Café, Genética e o Gene CYP1A2: O Que Isso Significa para Você
Entenda como o gene CYP1A2 influencia sua tolerância ao café.
Atendi uma paciente que jurava que café não fazia efeito nela. Era uma triatleta de 38 anos, treinando para um Ironman. Apesar de consumir doses relativamente altas de cafeína, ela não sentia aumento de performance nem efeitos colaterais. Fizemos a genotipagem. O resultado? Metabolizadora rápida. Isso significava que sua capacidade de processar cafeína era mais alta do que a média, o que explica por que doses convencionais não funcionavam como esperado.
A Genética e o Metabolismo da Cafeína
A cafeína é metabolizada principalmente no fígado pela enzima CYP1A2. Esta enzima é responsável por cerca de 95% do metabolismo da cafeína em humanos. A atividade do CYP1A2 varia individualmente. Algumas pessoas podem ser metabolizadoras rápidas, enquanto outras são lentas. Isso depende da variação genética.
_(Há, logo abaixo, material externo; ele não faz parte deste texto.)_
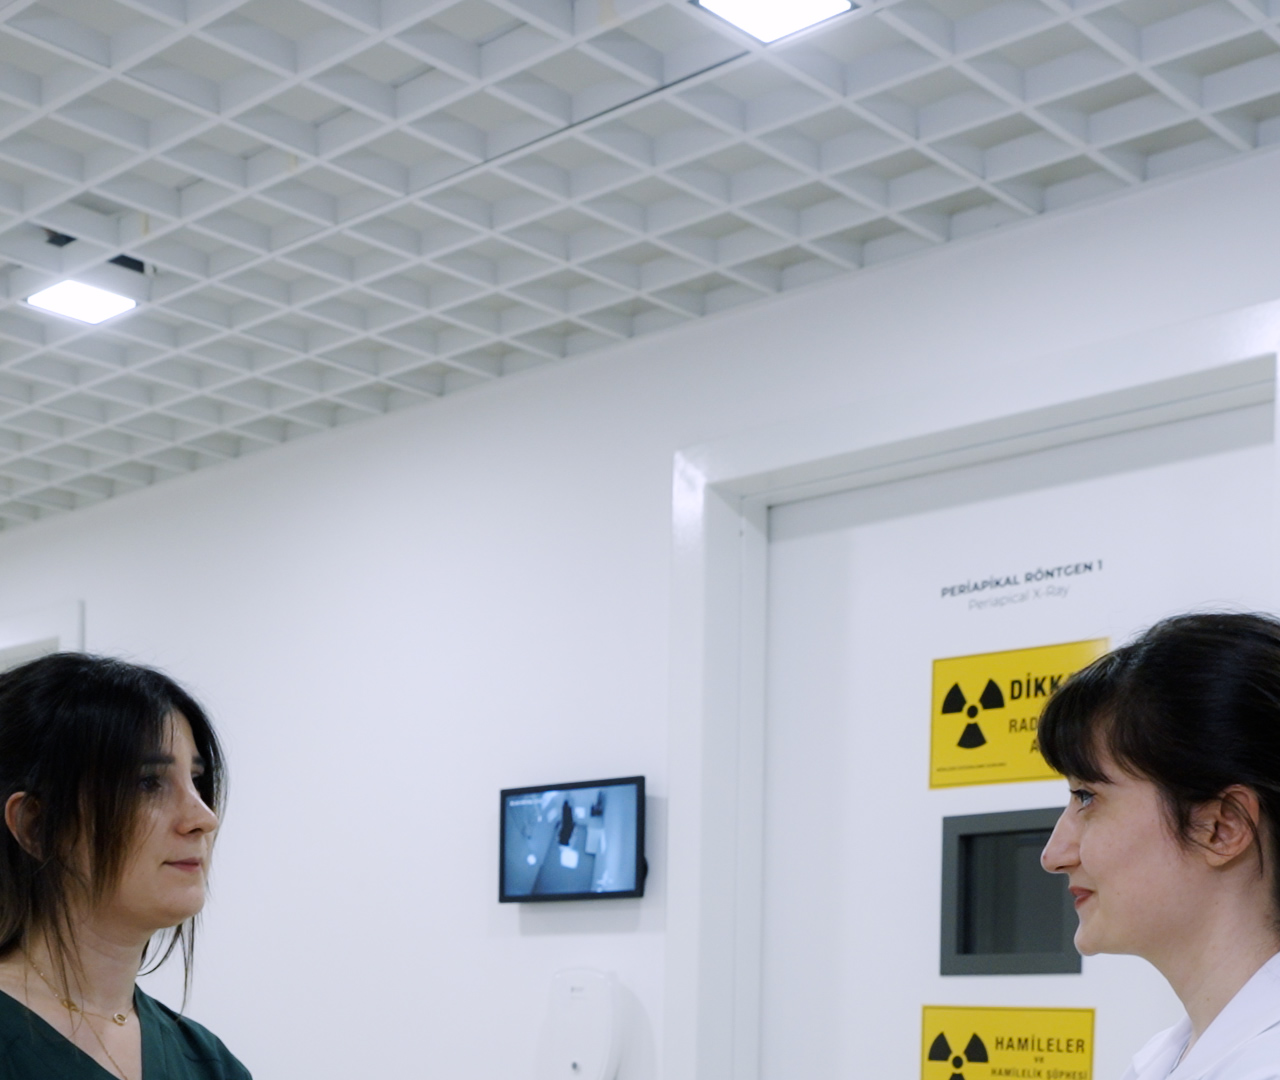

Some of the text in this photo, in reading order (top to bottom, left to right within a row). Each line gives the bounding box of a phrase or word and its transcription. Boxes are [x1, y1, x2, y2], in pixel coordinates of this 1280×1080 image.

[941, 575, 1019, 598] PERİAPİKAL
[1025, 562, 1093, 583] RÖNTGEN
[1010, 672, 1063, 700] DİKK
[995, 1035, 1085, 1054] HAMİLELER
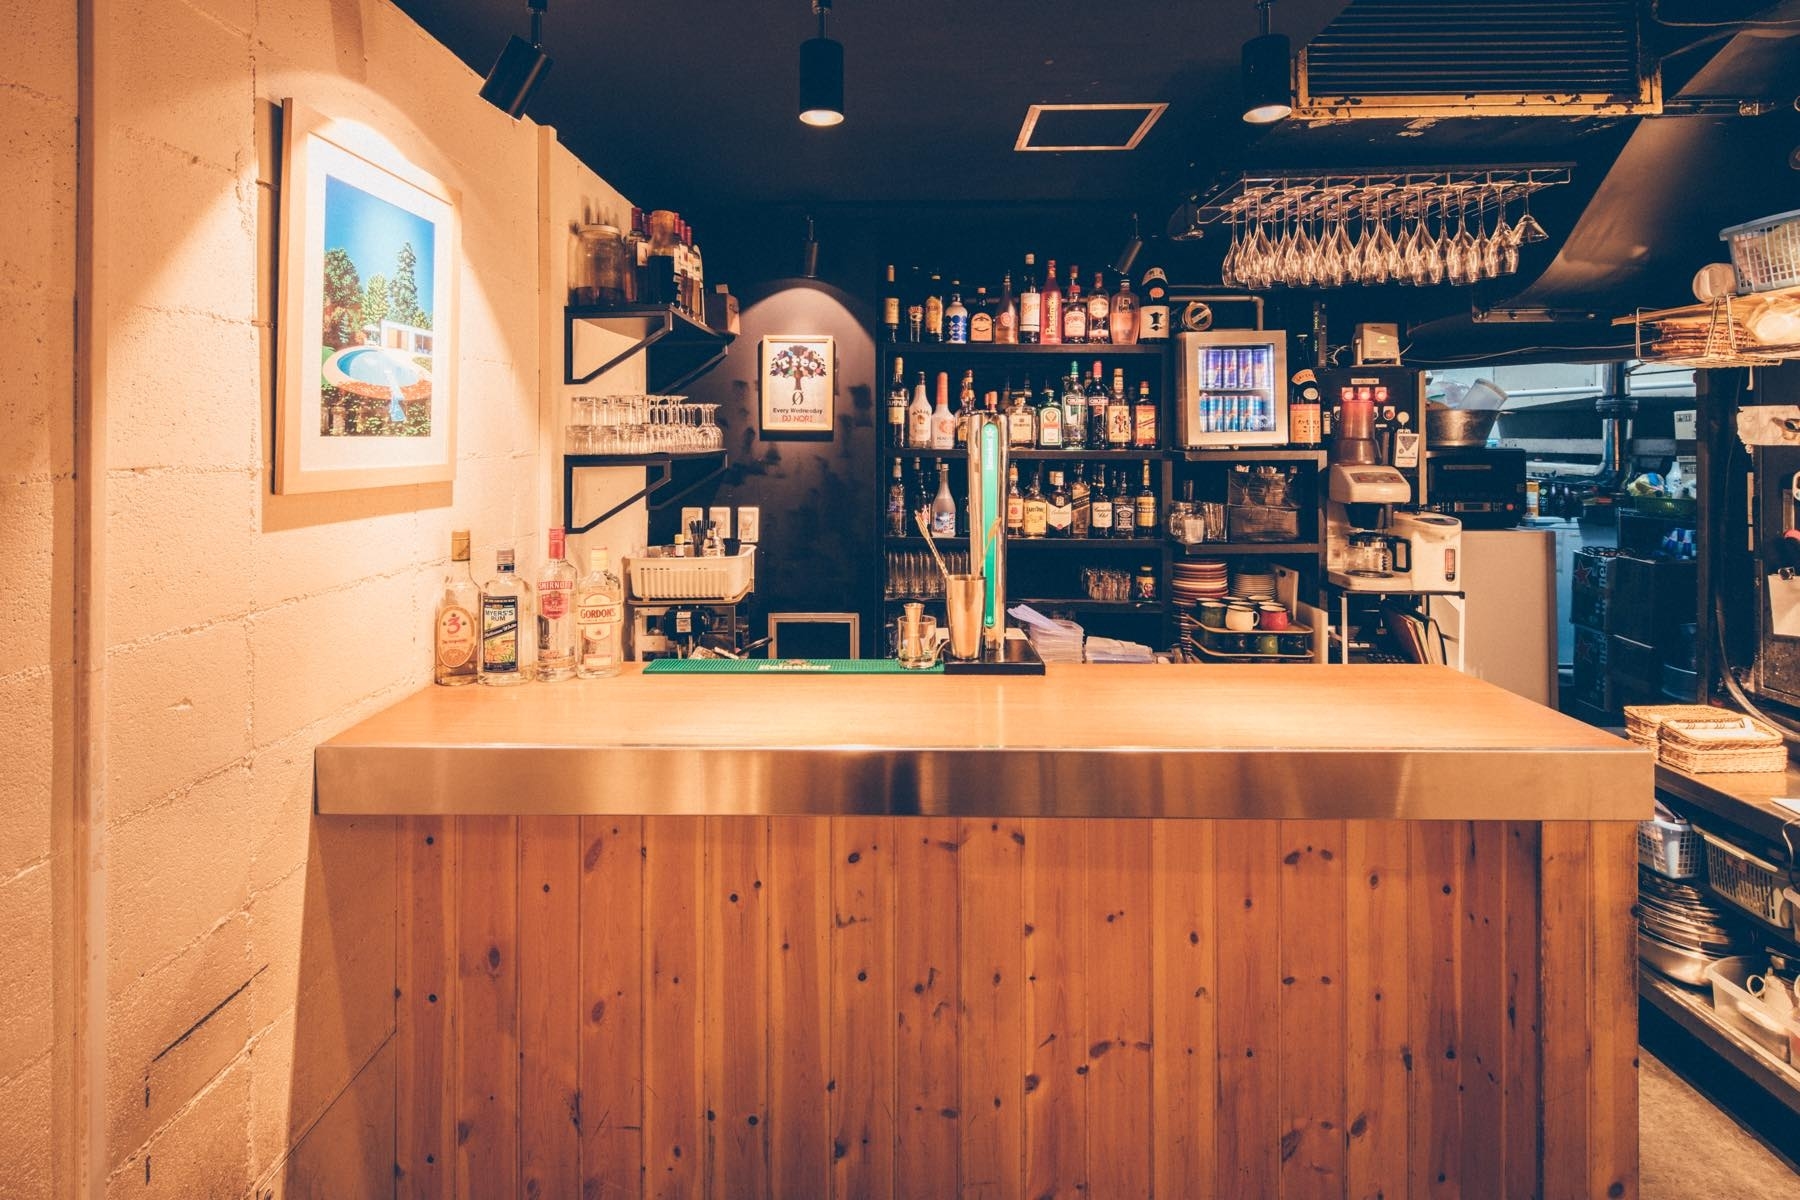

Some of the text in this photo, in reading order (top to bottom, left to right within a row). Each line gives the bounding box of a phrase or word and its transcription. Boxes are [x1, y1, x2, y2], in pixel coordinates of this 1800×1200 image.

[778, 356, 818, 371] Tree
[790, 407, 823, 415] Wednesday
[538, 581, 572, 590] SMIRNOFF
[446, 616, 461, 634] 3
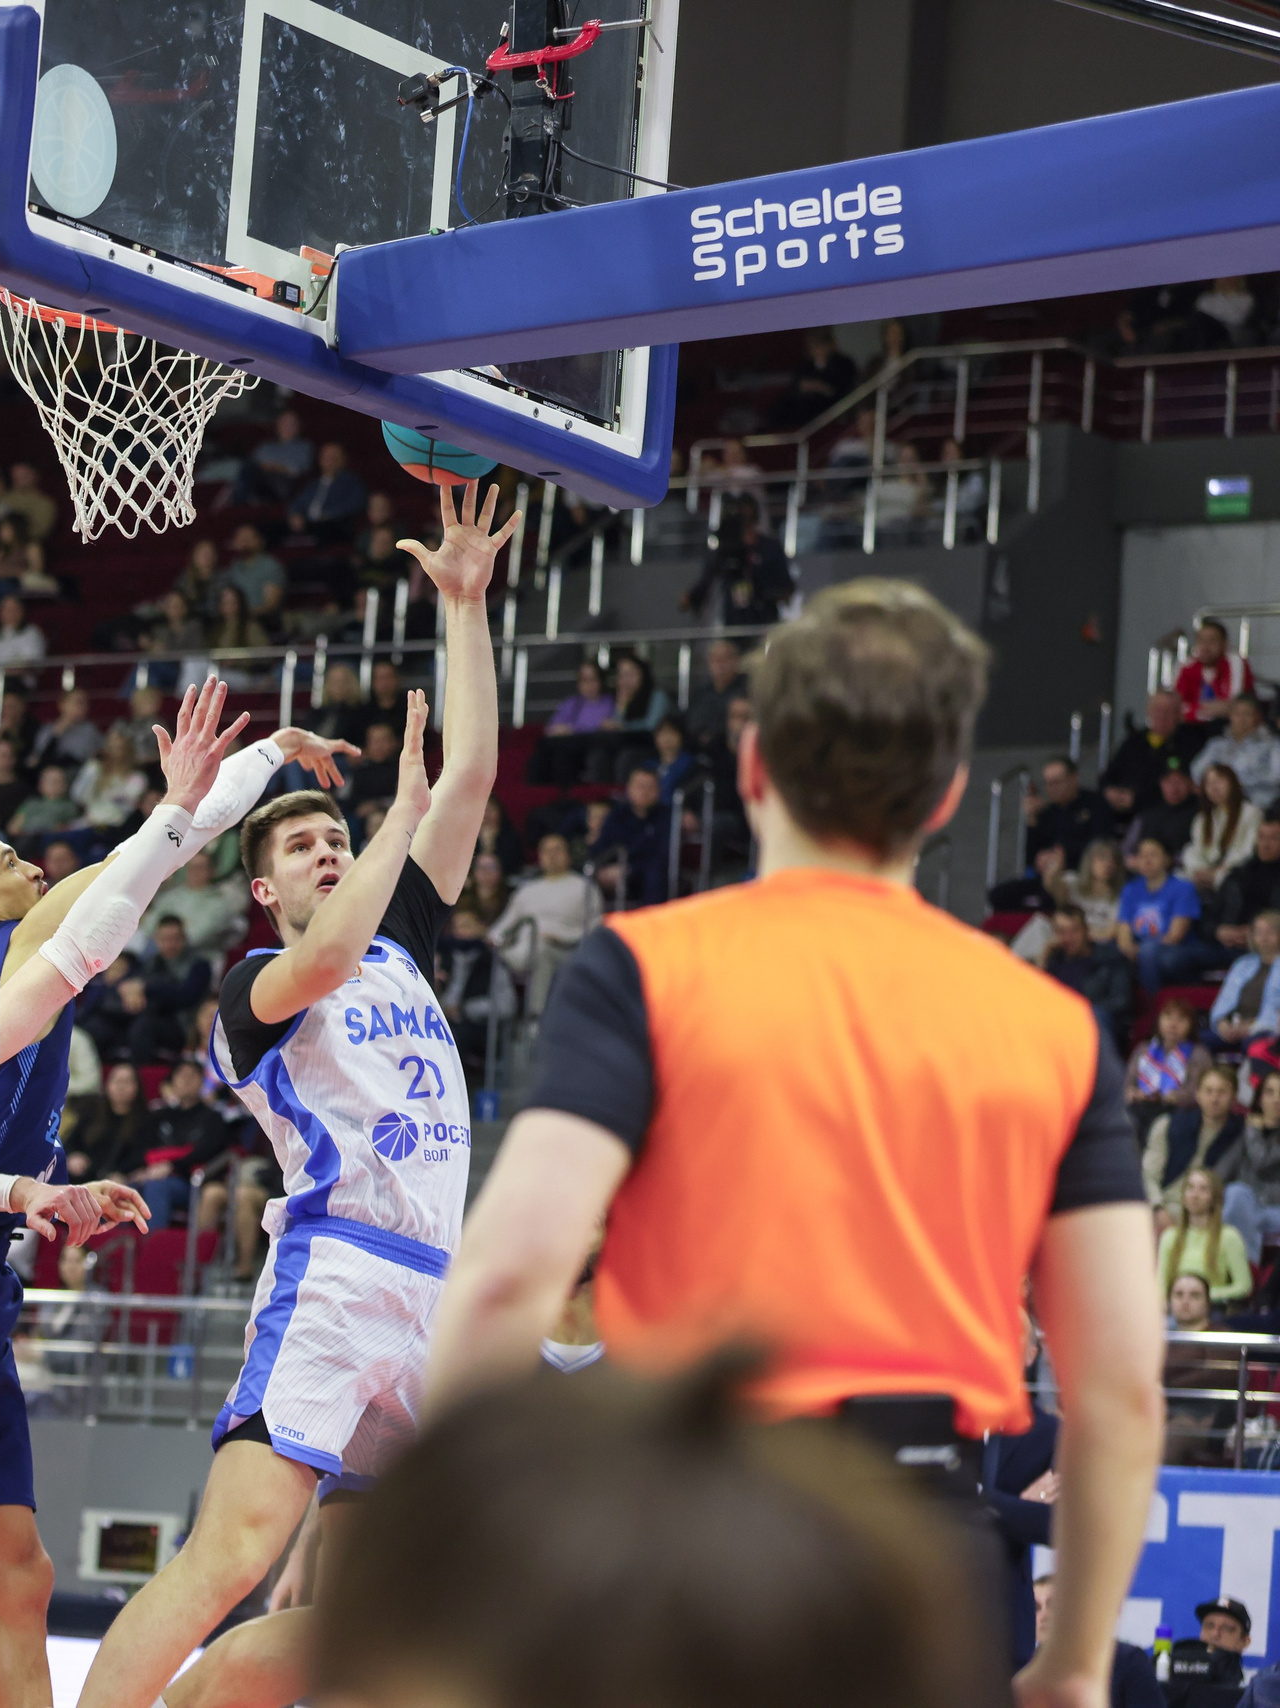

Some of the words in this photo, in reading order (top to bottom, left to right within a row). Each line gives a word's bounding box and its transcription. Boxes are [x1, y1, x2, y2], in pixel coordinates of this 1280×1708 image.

[691, 183, 902, 243] Schelde
[692, 223, 904, 286] Sports
[273, 1424, 305, 1441] ZEDO
O gene CYP1A2 possui variantes que determinam a velocidade de metabolização. Se você herda variantes que favorecem uma maior expressão da enzima, processa a cafeína mais rápido. Caso contrário, o metabolismo é mais lento, e a cafeína permanece mais tempo no seu sistema.
O Que a Evidência Diz
Estudos mostram que metabolizadores rápidos de cafeína podem ter menor risco de efeitos colaterais como insônia e taquicardia (Cornelis et al., 2006). Mas, também podem precisar de doses maiores para sentir os efeitos ergogênicos, como aumento de alerta e desempenho físico. Já os metabolizadores lentos devem ser mais cautelosos, pois estão mais propensos a efeitos adversos, mesmo com doses menores.
No Consultório
Na prática, a genotipagem do CYP1A2 pode ser um diferencial na prescrição de cafeína como suplemento ergogênico. Não é comum no Brasil, mas definitivamente deveria ser mais acessível. Quando um paciente me diz que não sente efeitos da cafeína, considero genotipagem. Ajustar a dose de cafeína é mais sobre entender a genética do que adivinhar.
O Que Ainda Não Sabemos
A literatura sobre a influência do gene CYP1A2 ainda tem lacunas, especialmente em mulheres atletas. A interação com fatores como fase do ciclo menstrual e uso de contraceptivos hormonais é subexplorada. Estudos sugerem que o hormônio estrogênio pode modificar a atividade do CYP1A2, mas precisamos de mais dados.
Na prática, entender sua genética pode ajudar a otimizar o uso da cafeína. Mas lembre-se, dose é variável individual e sempre depende de quem está bebendo.